ACCENT Pictures

The Atmospheric Chemistry of Combustion Emissions Near the Tropopause (ACCENT) mission is an interagency mission to study the effects of rockets and aircraft in the upper troposphere and lower stratosphere. ACCENT is jointly sponsored by the Atmospheric Effects of Arcraft Program (AEAP) and the Rocket Impacts on Stratospheric Ozone (RISO) program (see some RISO highlights). As part of that mission, the NASA GSFC aircraft field missions group has been providing flight planning tools and meteorological support in real time for the mission project scientists.

Following are a few pictures of the April 1999 ACCENT deployment. We are using the WB-57F aircraft for carrying the ACCENT payload (See the USAF Museum page for WB-57F history). We are based at Ellington Field just outside of Houston, TX. Ellington Field is part of the Johnson Space Center. All of the Johnson aircraft are based here.

Where we work

Hangar 990

The WB-57F is based in Hangar 990 here at Ellington Field. Here we see the WB-57F being pulled out of 990 prior to the successful ATLAS rocket intercept of April 12, 1999.

Building 994

The ACCENT instrument and support people are housed in a small building just next to hangar 990 in Building 994. Our group is from the NASA Goddard Space Flight Center . In particular, we work in the Atmospheric Chemistry and Dynamics Branch (Code 916). Our office here at Ellington is located in the far left corner (third window on the left of the picture).

Our workspace is a bit constricted. We have to squeeze 4 people on to these two small tables. Here we see Tom Kucsera showing a happy face because the other folks aren't cheek to jowl with him this instant.

Here's our GSFC Code 916 group here in building 994. Left to right are Leslie Lait, Tom Kucsera, and Paul Newman.

Anne Thompson came down of April 15 for the takeoff of the WB-57F on the Delta II intercept. In this picture, she's highly amused by our small work area.

Of course, we're not the only folks providing met support here for ACCENT. Rennie Selkirk (left, NASA ARC SWISS group) and Karen Rosenlof (right, NOAA/AL) are also doing met work for ACCENT.

We have a relatively large team here.
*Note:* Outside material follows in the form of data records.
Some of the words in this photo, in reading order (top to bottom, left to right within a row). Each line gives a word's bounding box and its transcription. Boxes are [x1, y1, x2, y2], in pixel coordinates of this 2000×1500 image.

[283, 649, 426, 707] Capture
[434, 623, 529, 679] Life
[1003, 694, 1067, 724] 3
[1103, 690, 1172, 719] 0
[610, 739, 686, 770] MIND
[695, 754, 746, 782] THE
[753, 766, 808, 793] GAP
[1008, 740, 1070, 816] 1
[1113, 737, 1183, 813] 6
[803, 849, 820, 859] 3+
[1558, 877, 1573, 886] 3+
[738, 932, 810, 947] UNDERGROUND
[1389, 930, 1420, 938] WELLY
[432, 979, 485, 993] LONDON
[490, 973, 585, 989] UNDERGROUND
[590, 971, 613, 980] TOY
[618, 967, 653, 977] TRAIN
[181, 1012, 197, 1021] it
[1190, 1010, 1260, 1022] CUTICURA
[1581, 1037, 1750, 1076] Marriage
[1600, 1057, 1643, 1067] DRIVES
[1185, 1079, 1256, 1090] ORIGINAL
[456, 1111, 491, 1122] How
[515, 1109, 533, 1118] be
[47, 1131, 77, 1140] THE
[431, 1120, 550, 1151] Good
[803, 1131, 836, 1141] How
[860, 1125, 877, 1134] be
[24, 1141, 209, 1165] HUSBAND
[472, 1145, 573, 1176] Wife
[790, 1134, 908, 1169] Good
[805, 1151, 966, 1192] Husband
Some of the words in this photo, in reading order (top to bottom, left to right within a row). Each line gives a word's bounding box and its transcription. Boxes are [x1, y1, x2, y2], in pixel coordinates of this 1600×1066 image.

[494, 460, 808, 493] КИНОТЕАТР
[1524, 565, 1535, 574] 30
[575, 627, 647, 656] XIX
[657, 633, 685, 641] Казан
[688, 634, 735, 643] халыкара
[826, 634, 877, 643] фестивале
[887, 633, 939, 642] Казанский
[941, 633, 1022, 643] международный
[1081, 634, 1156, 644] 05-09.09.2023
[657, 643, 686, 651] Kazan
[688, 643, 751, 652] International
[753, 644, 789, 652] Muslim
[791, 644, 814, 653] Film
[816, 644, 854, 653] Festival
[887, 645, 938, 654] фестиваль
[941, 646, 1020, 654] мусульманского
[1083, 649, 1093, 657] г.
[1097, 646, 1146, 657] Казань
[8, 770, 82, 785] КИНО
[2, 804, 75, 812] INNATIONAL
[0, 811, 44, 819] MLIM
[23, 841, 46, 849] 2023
From left to right are Kathy Wolfe, Randy Friedl, Marty Ross, and Adrian Tuck with his head turned away from the camera. Randy and Marty are the project scientists for ACCENT. Note the typical exhausted look characteristic of the project scientists.

The WB-57F

The WB-57F is the workhorse aircraft for ACCENT. The WB-57F is modified from the Martin B-57 Canberra light bombers. The WB-57F is capable of carrying a 4000 lb. payload to altitudes over 60,000 ft, and with a range in excess of 2300 nautical miles. Here we see the WB-57F on April 12, 1999.

More WB-57F photographs? Yes!

Preparing for the ATLAS intercept flight of April 12, 1999

Here we see the payload (bombbays) for the WB57, where the instruments fit into the aircraft.

Here we see the pallet with Darin Toohey's CORE (ClO) and CO2 instruments begin wheeled into Hangar 990 on Monday morning (4/12/1999) by Amelia Gates and Erik Richard.

Bernie Lefleur already has the Denver University particle instrument's pallet rolled into Hangar 990.

The pallets are now rolled under the plane and attached.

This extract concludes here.